Regulation of Mre11 nuclease activity by Rad50
Previous results indicate that ATP binding by Rad50 alters Mre11 nuclease activity (Connelly & Leach, 1996; Herdendorf et al, 2011; Majka et al, 2012; Paull & Gellert, 1999; Trujillo & Sung, 2001). Here the mutant complexes and the site‐specific crosslinking experiments show definitively that the closed state is incompatible with nuclease activity in magnesium conditions, in which the MR complex exhibits 5′ endonuclease activity as well as promoting the helicase and nuclease activities of the HerA/NurA complex. In contrast, release from the closed state (following ATP hydrolysis) promotes both Mre11 nuclease activity as well as HerA/NurA activity on linear DNA ends. These results agree generally with experiments performed with the E. coli SbcC/D complex, the T4 gp46/gp47 complex, and with the human MR complex (Herdendorf et al, 2011; Paull & Gellert, 1999; Trujillo & Sung, 2001), which showed that ATP is necessary for resection of dsDNA by MR. Lacking structural information about intermediates formed during hydrolysis, we postulate a transient state in which the Mre11 active site gains access to DNA that is inaccessible in the closed state (Fig 8I).
End tethering and the requirement for ATP
End‐tethering assays revealed a surprising specificity for ATP over the non‐hydrolyzable analogs ATPγS and AMP‐PNP, despite the fact that both analogs induced conformational changes in Rad50 that resembled those induced by ATP (particularly ATPγS). This is not likely due to a requirement for ATP hydrolysis, since the R805E mutant promotes end tethering even better than the WT enzyme yet hydrolyzes ATP more slowly. It is possible that with the coiled‐coils the conformation of MR when bound to ATP might be structurally distinct from that of the analog‐bound complexes and that this difference could be important for the correct alignment of ends or access of other enzymes to the ends, even though it is not important for DNA binding by MR.

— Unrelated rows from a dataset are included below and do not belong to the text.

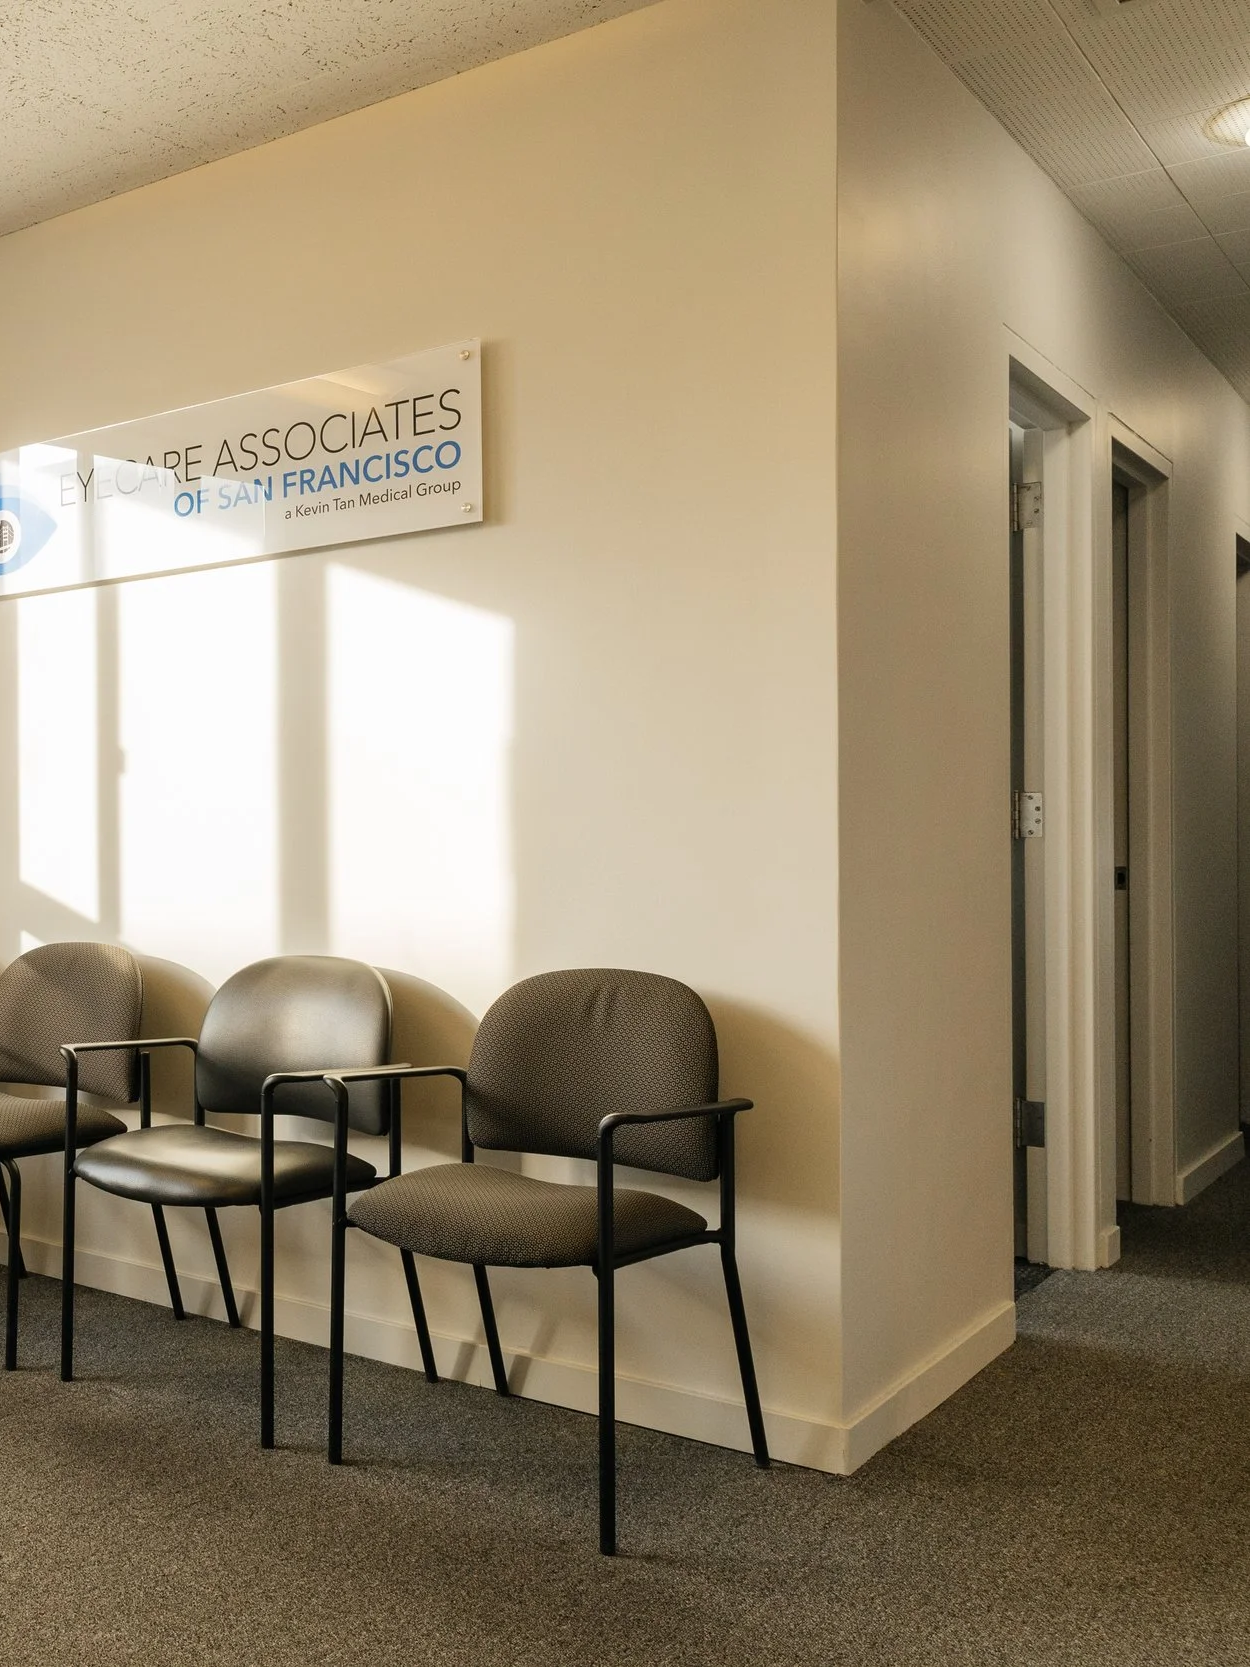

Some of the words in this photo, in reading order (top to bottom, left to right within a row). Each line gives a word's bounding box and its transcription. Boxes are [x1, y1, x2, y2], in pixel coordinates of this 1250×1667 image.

[212, 388, 462, 476] ASSOCIATES
[174, 488, 210, 517] OF
[217, 475, 273, 511] SAN
[283, 440, 462, 499] FRANCISCO
[284, 509, 293, 520] a
[295, 502, 330, 518] Kevin
[333, 497, 355, 512] Tan
[359, 486, 412, 506] Medical
[417, 479, 462, 498] Group
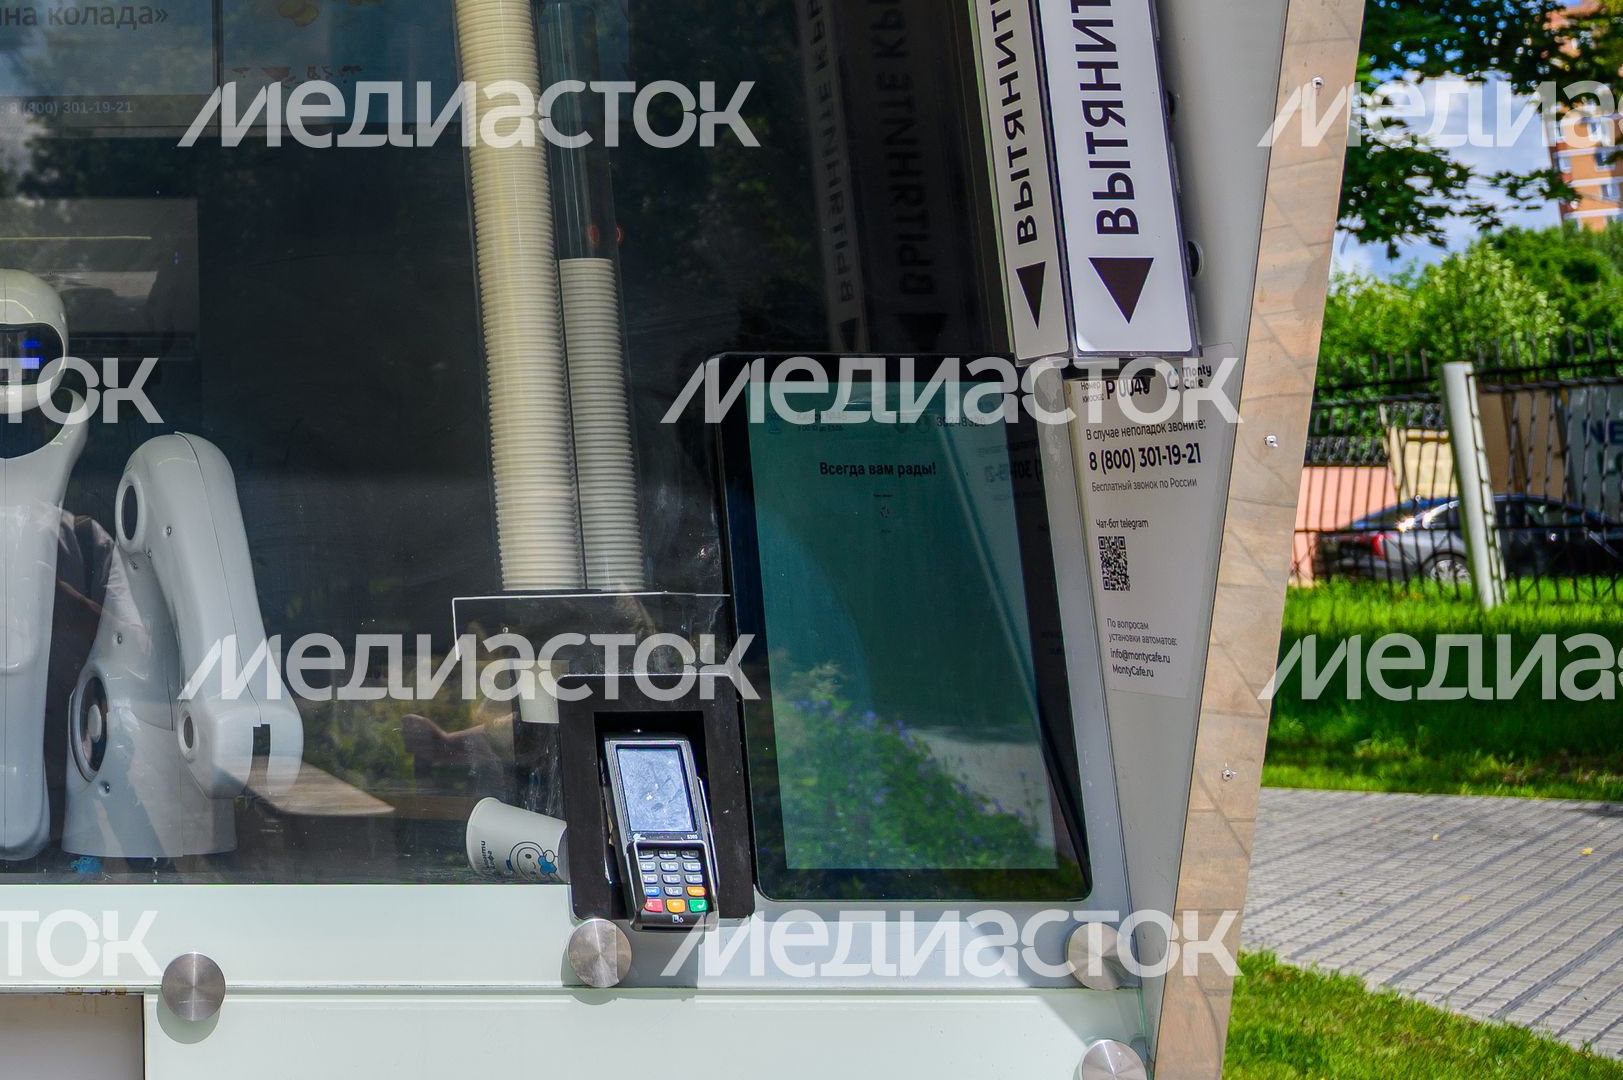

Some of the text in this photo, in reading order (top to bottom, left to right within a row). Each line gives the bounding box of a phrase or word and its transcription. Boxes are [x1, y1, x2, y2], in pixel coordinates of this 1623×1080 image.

[48, 5, 169, 30] колада»
[1086, 420, 1206, 442] В случае неполадок звоните:
[1089, 442, 1202, 475] 8 (800) 301-19-21
[819, 461, 936, 478] Всегда вам рады!
[1091, 477, 1197, 492] Бесплатный звонок по России
[1096, 518, 1149, 530] Чат-бот telegram
[1107, 618, 1149, 632] По вопросам
[1108, 633, 1141, 644] установки
[1110, 648, 1171, 664] info@montycafe.ru
[1112, 664, 1154, 678] MontyCafe.ru

Surprisingly, L802W MR complex stimulates some ligation despite exhibiting a less stable ‘closed’ state. Yet, the L802W mutant in full‐length form is closer to the WT enzyme characteristics than it is in Rad50cd form, and the short time that the L802W mutant spends in the closed state may be sufficient for ligation. Alternatively the opening of DNA helices by MR complexes (Cannon et al, 2013) may actually promote intermolecular association of DNA strands in an end tethering complex that survives even after the protein has returned to the open state. If so, a more rapid transition from closed to open state as seen with the L802W mutant would still be consistent with efficient end ligation.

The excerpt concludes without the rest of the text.